An an attorney who defends academic integrity disciplinary actions at state universities, I am often ask to give an opinion on charges brought against students for cheating based on similarities of their answers on exams. For example, let’s take a look at the following hypothetical:
A professor suspects two students of cheating, and studies the exam answers for similarities. The professor notes that both students got the same questions wrong. For example, on a multiple choice exam on American presidents, they both incorrectly answered 1) that Theodore Roosevelt was the longest serving president, 2) that George W. Bush initiated the invasion of Panama, and 3) that James Madison presided of the Civil War. The two students each got all other test questions correct.
To some professors, that would seem to be hard evidence of cheating. What are the chances of two unrelated students each getting the same answers wrong in the same way, and all other questions correct? Not so fast, say statistical experts. As one statistician has noted:
It is our position, echoed by courts and statisticians alike, that at no time can one accept probabilistic evidence as sufficient merely because the occurrence of some value of a test statistic is highly probable. Reasonable competing explanation must be considered. The limitations of the mechanistic detection strategies, and the inherent variability in test deign and administration reliability and validity found in all except the most rigors of standardized tests and testing situations, preclude an automatic acceptable of probabilities data as prima facie demonstration of misconduct.
See, Dwyer, David J.; Hecht, Jefrey B. “Cheating Detection: Statistical, Legal, and Policy” (1994). Available at: http://files.eric.ed.gov/fulltext/ED382066.pdf. The author goes on to explain:
Finally, we must answer the question “is the sample of students being compared merely random or is it representative of the class as a whole?” If the class is comprised of distinct subgroups (by achievement, ethnicity, gender, etc?) then the sample from which we draw an inference must representative of the subgroup(s) as well. It is our opinion that no mechanistic detection method currently available sufficiently address these concerns to an adequate degree, casting doubt as to the utility of mechanistic methods to detect wrongdoing with a known and consistent degree of accuracy.

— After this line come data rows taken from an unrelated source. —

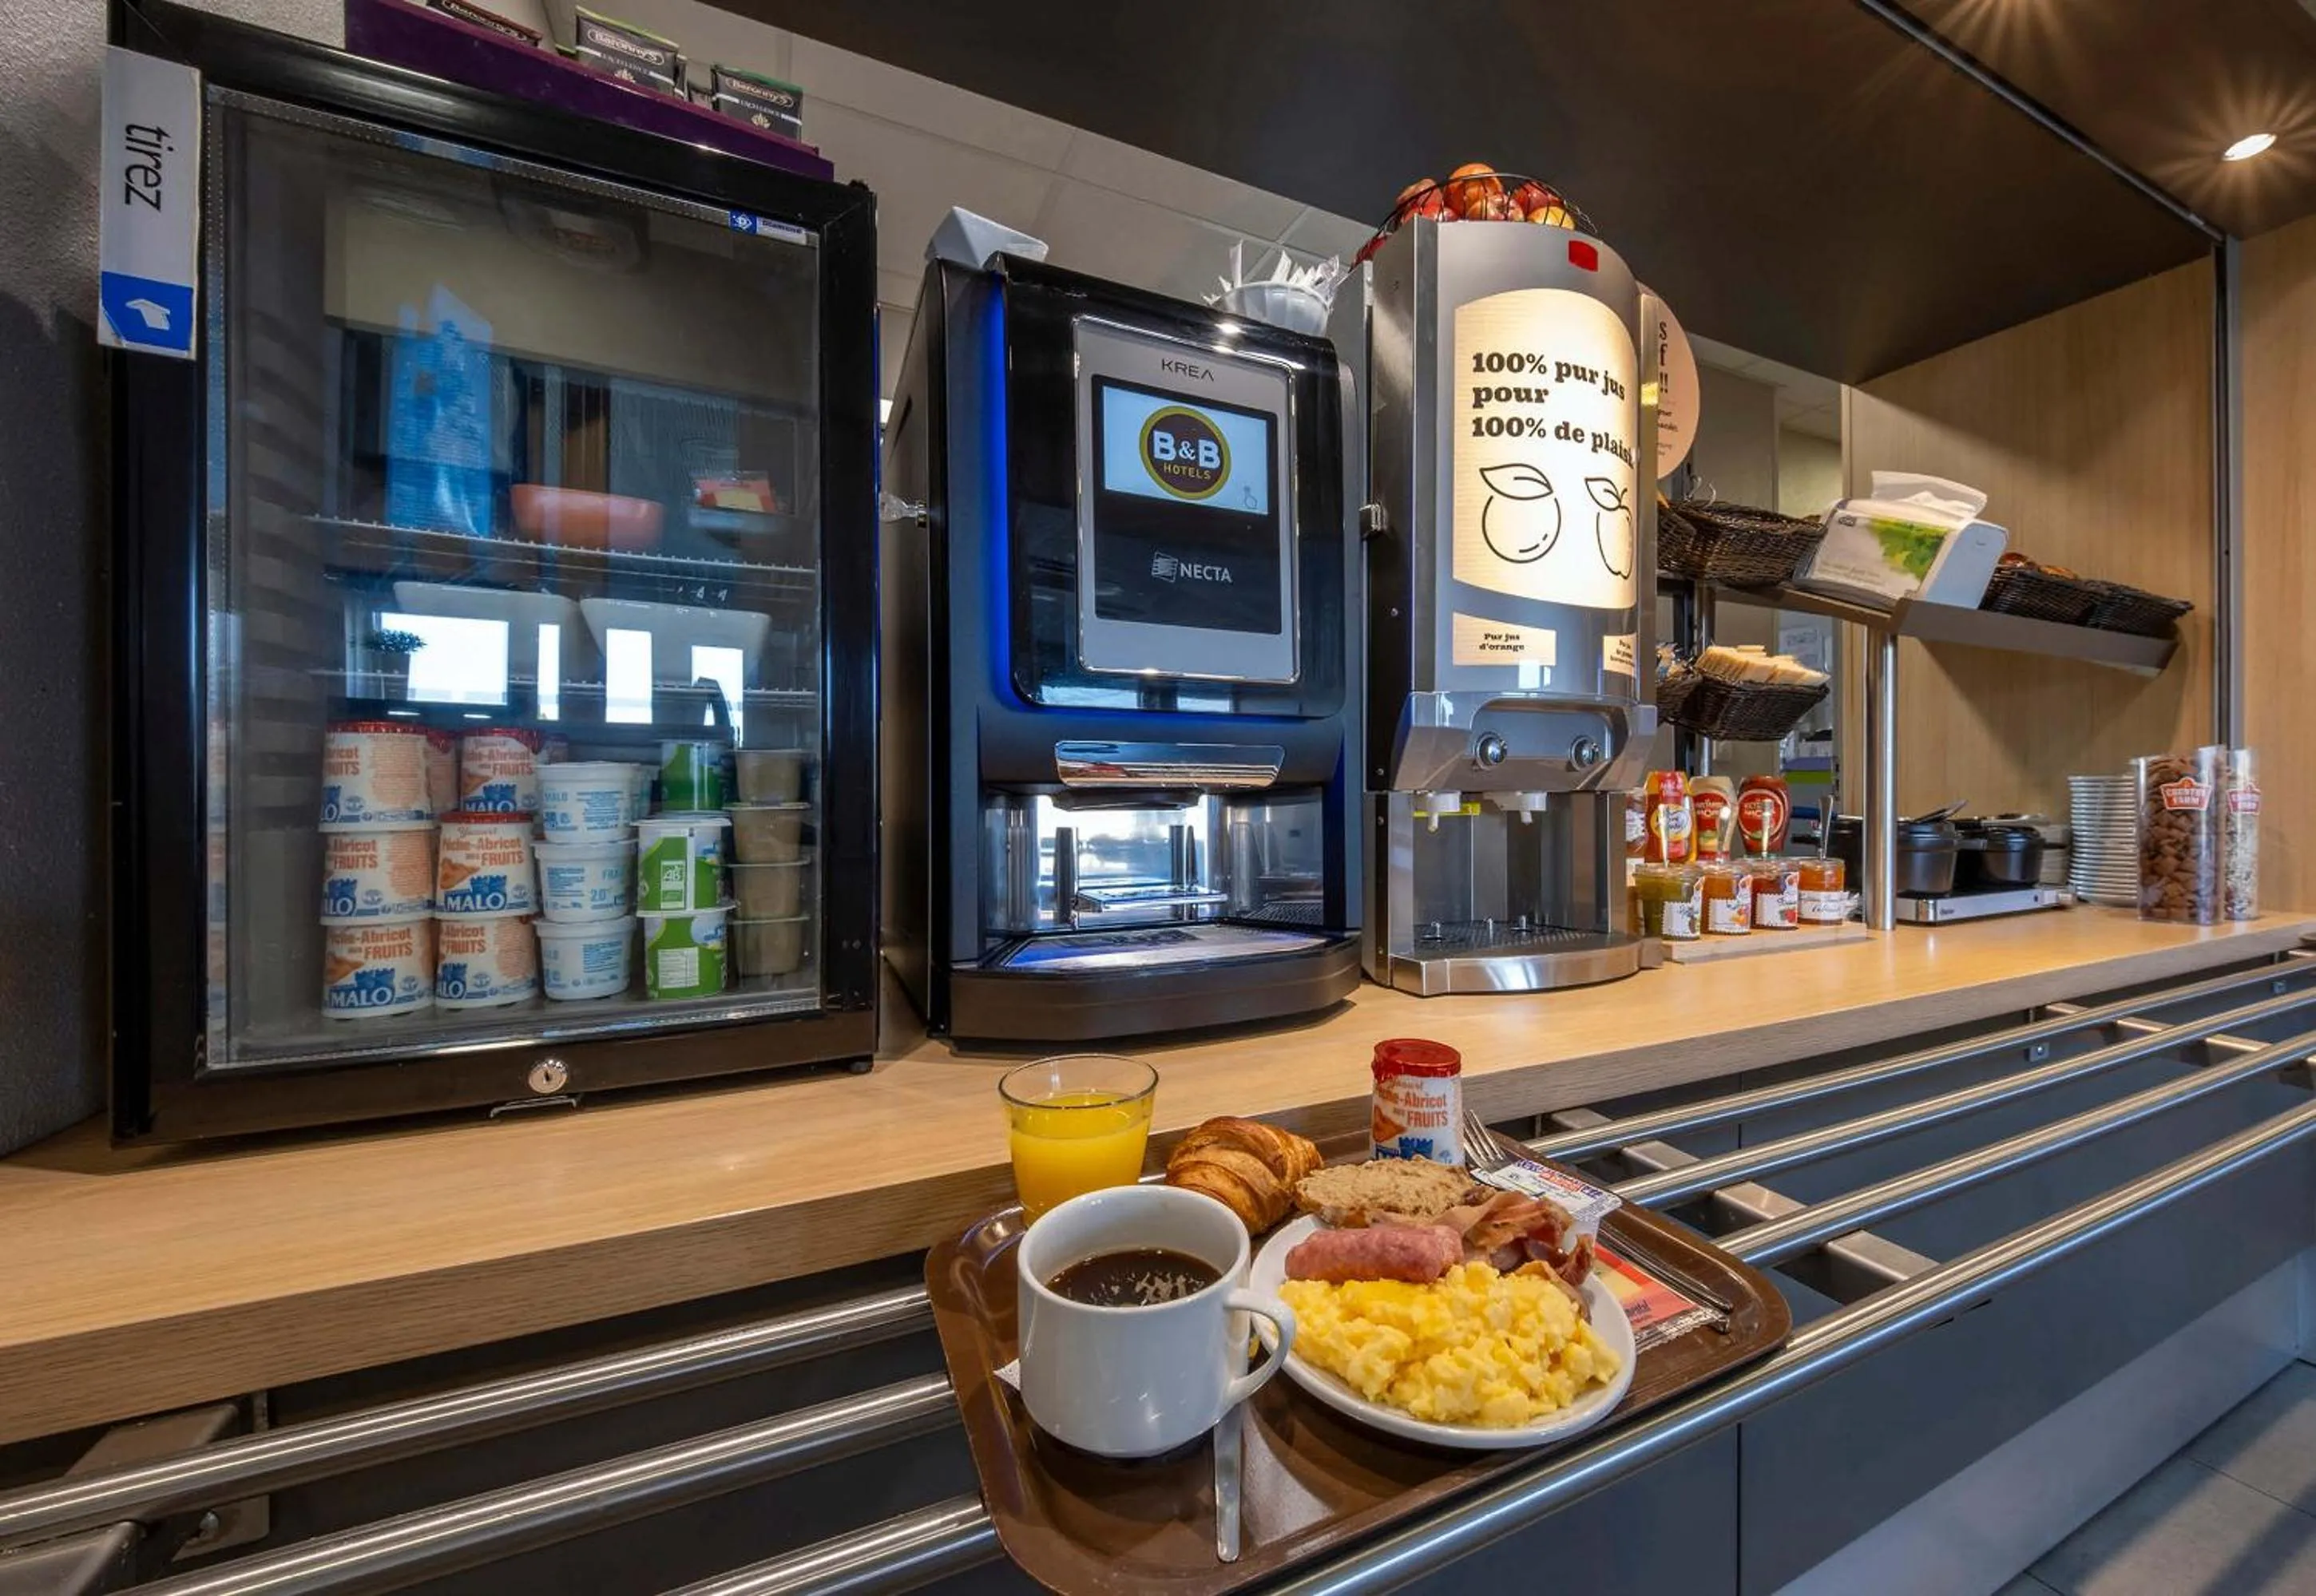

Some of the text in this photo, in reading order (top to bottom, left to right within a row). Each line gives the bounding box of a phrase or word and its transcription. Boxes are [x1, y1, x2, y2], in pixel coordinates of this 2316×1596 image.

[125, 122, 174, 212] tirez
[1161, 358, 1215, 382] KREA
[1472, 352, 1625, 401] 100% pur jus
[1472, 386, 1549, 410] pour
[1472, 416, 1547, 438] 100%
[1554, 421, 1585, 444] de
[1152, 431, 1220, 469] B&B
[1163, 462, 1212, 480] HOTELS
[1180, 562, 1233, 583] NECTA
[1484, 632, 1521, 642] Pur jus
[1478, 643, 1525, 652] d'orange
[481, 850, 525, 866] FRUITS
[447, 891, 505, 911] MALO
[364, 943, 414, 960] FRUITS
[331, 987, 393, 1007] MALO
[1407, 1111, 1448, 1127] FRUITS

The problem with using statistical error analysis in academic integrity cases is that often times students will work together preparing for a test in a study group. Preparing for a test in a study group can lead students to all have similar understanding of the material, and this includes possible errors or misunderstanding of the subject, and can lead to similar incorrect answers on an exam. There are legal precedents that support this idea. One such case is the court opinion in Boehm v. Univ. of Pennsylvania Sch. of Veterinary Med., 392 Pa. Super. 502, 573 A.2d 575 (1990). In that legal precedent a veterinary student at the University of Pennsylvania was accused of cheating, and was ultimately found to have committed the offense. While the student was found to have been guilty, the university threw out the supposed statistical analysis and ruled:
While the information raises suspicion as to the cheating charges, the panel considers the comparison [of the test answers] to be unreliable due to its lack of statistical foundation particularly since the influence on test scores of studying together is unknown. Accordingly this information was not considered in the panel’s deliberations.

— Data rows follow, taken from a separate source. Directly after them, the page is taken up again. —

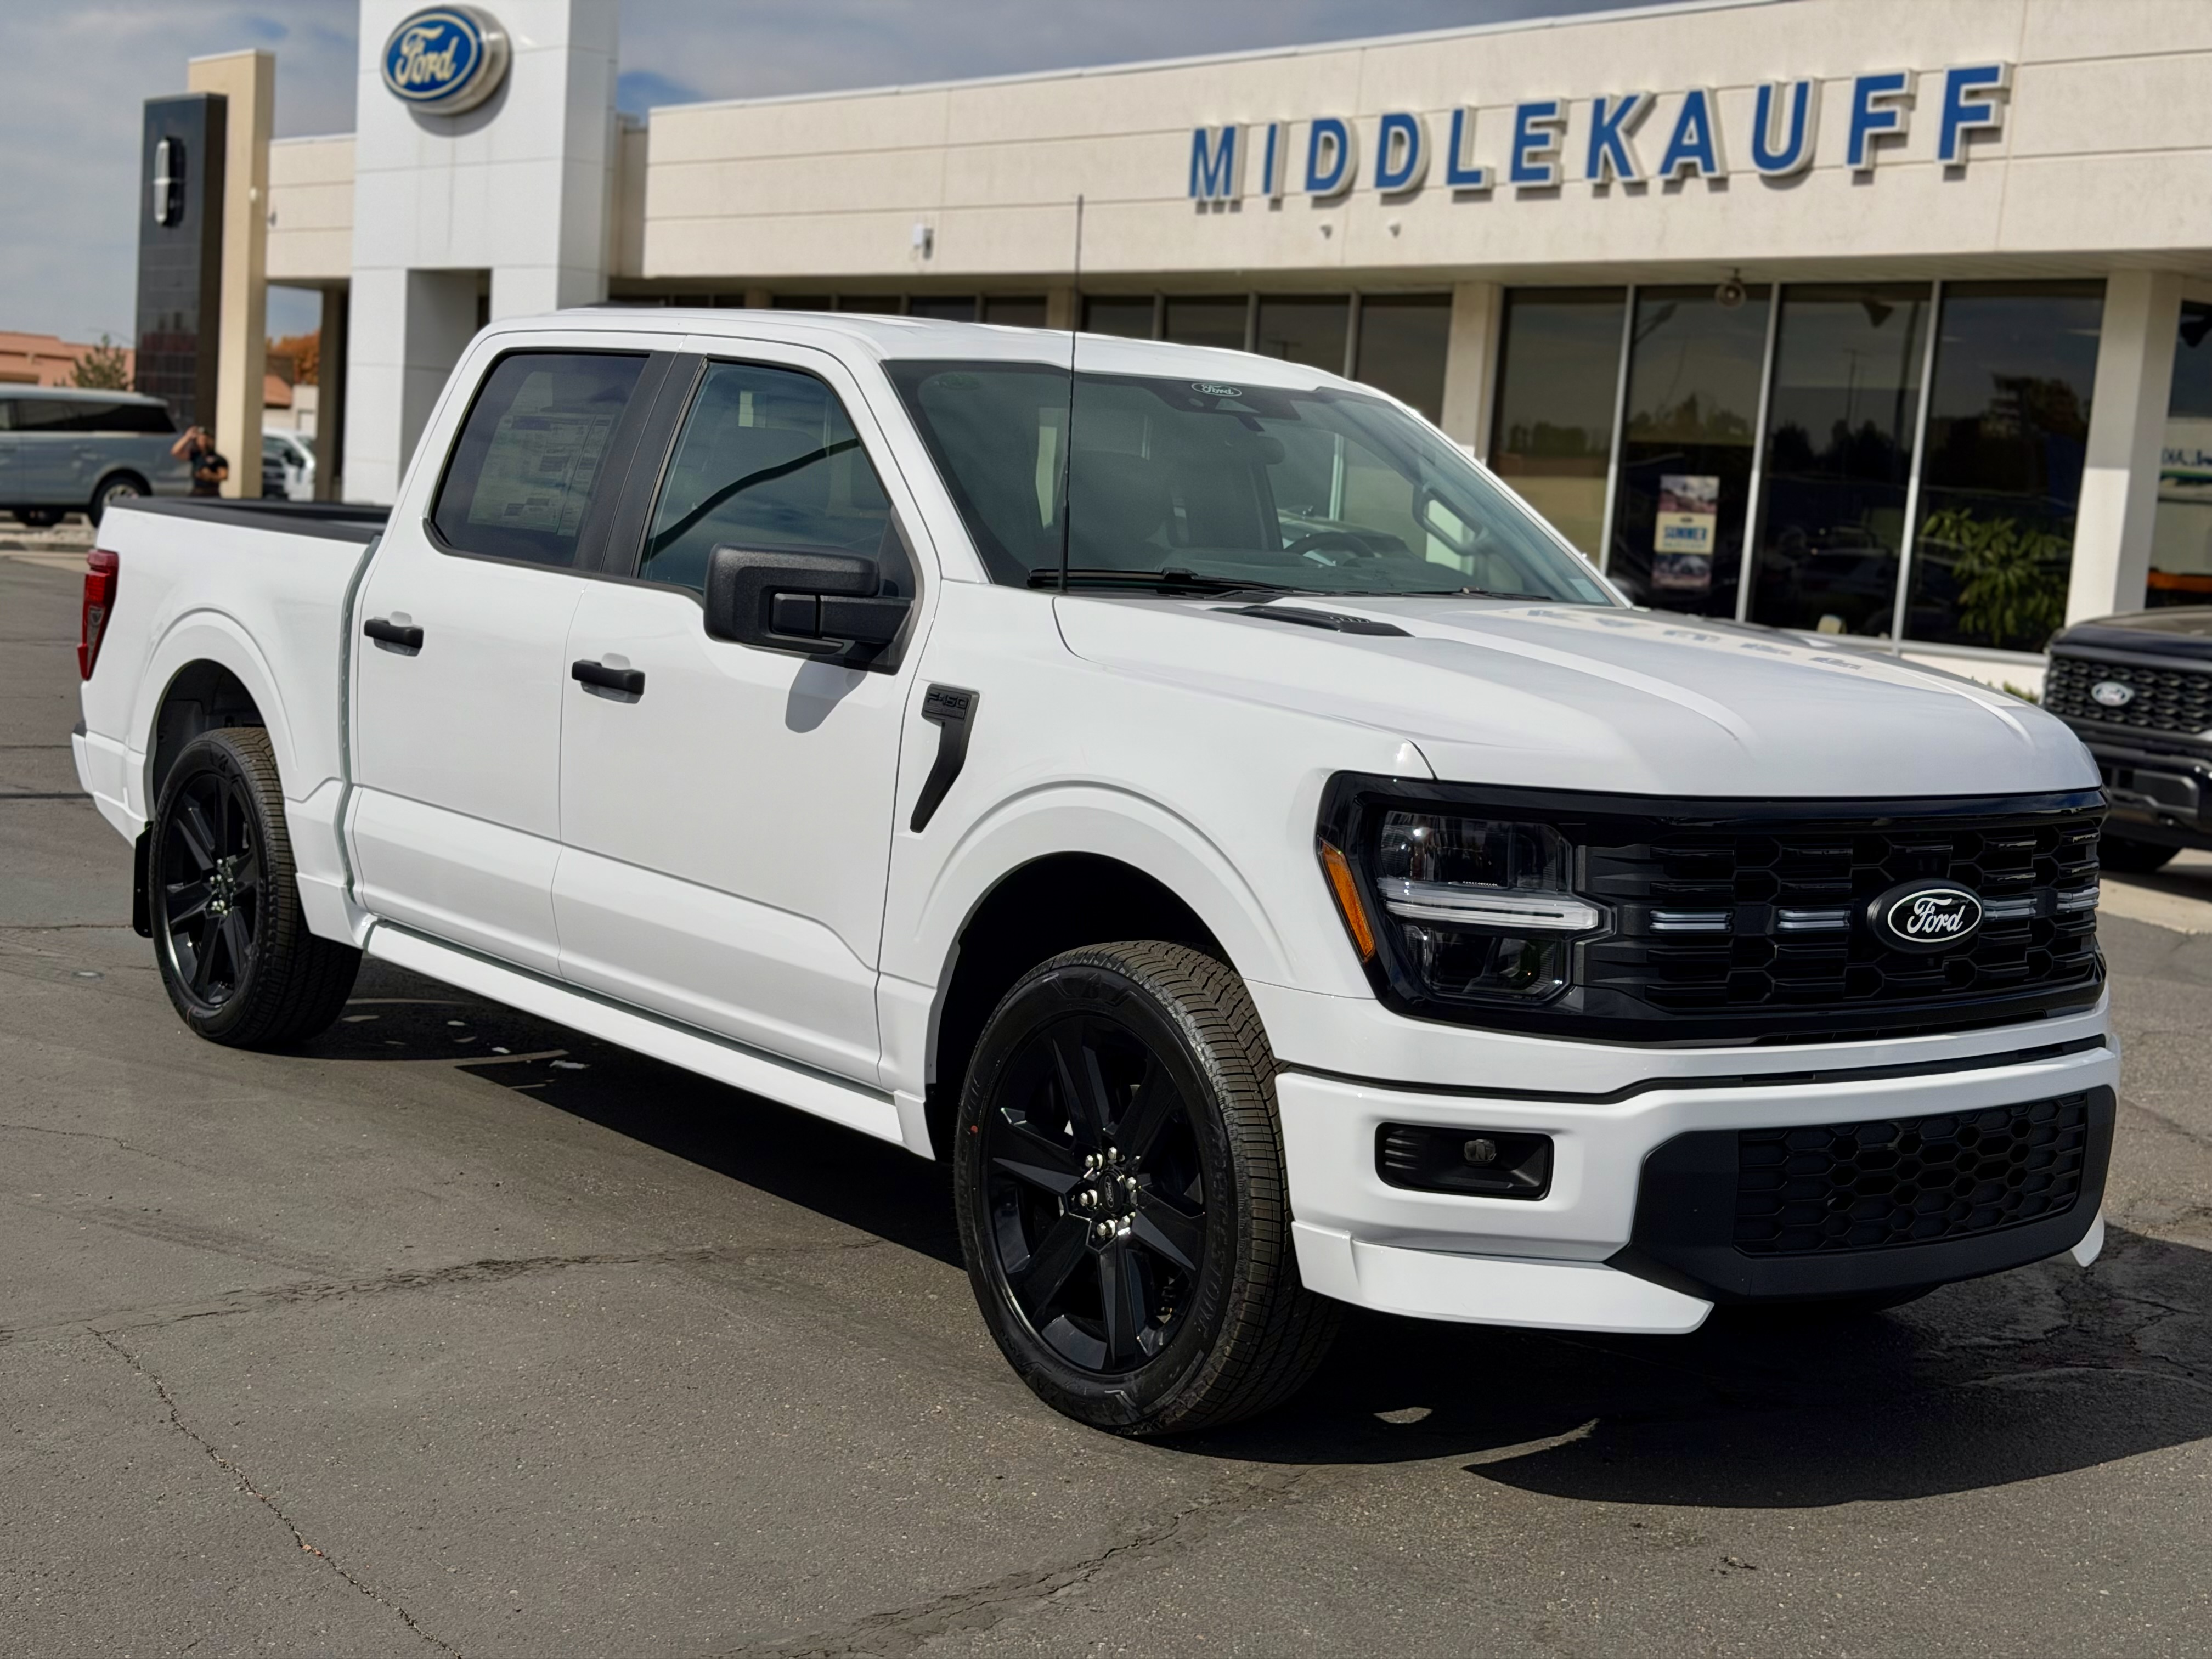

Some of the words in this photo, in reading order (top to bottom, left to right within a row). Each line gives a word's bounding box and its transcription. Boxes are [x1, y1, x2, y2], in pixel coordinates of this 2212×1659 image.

[394, 26, 459, 86] Ford
[1188, 63, 2006, 201] MIDDLEKAUFF
[1201, 384, 1234, 395] Ford
[926, 692, 969, 709] F-150
[1906, 897, 1966, 934] Ford

Id, 392 Pa. Super. 502, 516, 573 A.2d 575, 582 (1990) (emphasis added). Similar statistical reasoning was also rejected in the case of Papelino v. Albany Coll. of Pharmacy of Union Univ., 633 F.3d 81 (2d Cir. 2011). In that case three pharmacy students were accused of cheating on a test. The case described the circumstances as follows:
In support of the charges, Nowak [a teacher] presented evidence, which consisted primarily of “statistical” charts that she had prepared based on her review of exams taken by Papelino, Basile, and Yu in various courses. Papelino, Basile, and Yu countered with (1) the lack of evidence of the means by which the three might have managed to cheat; (2) the fact that the three studied together, and therefore had similar knowledge bases; and (3) the lack of validity of the “statistical” evidence.
Papelino v. Albany Coll. of Pharmacy of Union Univ., 633 F.3d 81, 86-87 (2d Cir. 2011). The case goes on to explain that the Supreme Court of New York rejected such evidence, and “…concluded that the Honor Code Committee’s determinations were based ‘solely’ on a ‘statistical compilation’ that was based upon ‘false assumptions’ and did not provide ‘a rational basis to conclude that petitioners cheated.’” Id at 87.
While statistical similarities can be a starting point for an academic integrity investigation, such proof should not be taken as conclusive evidence by itself.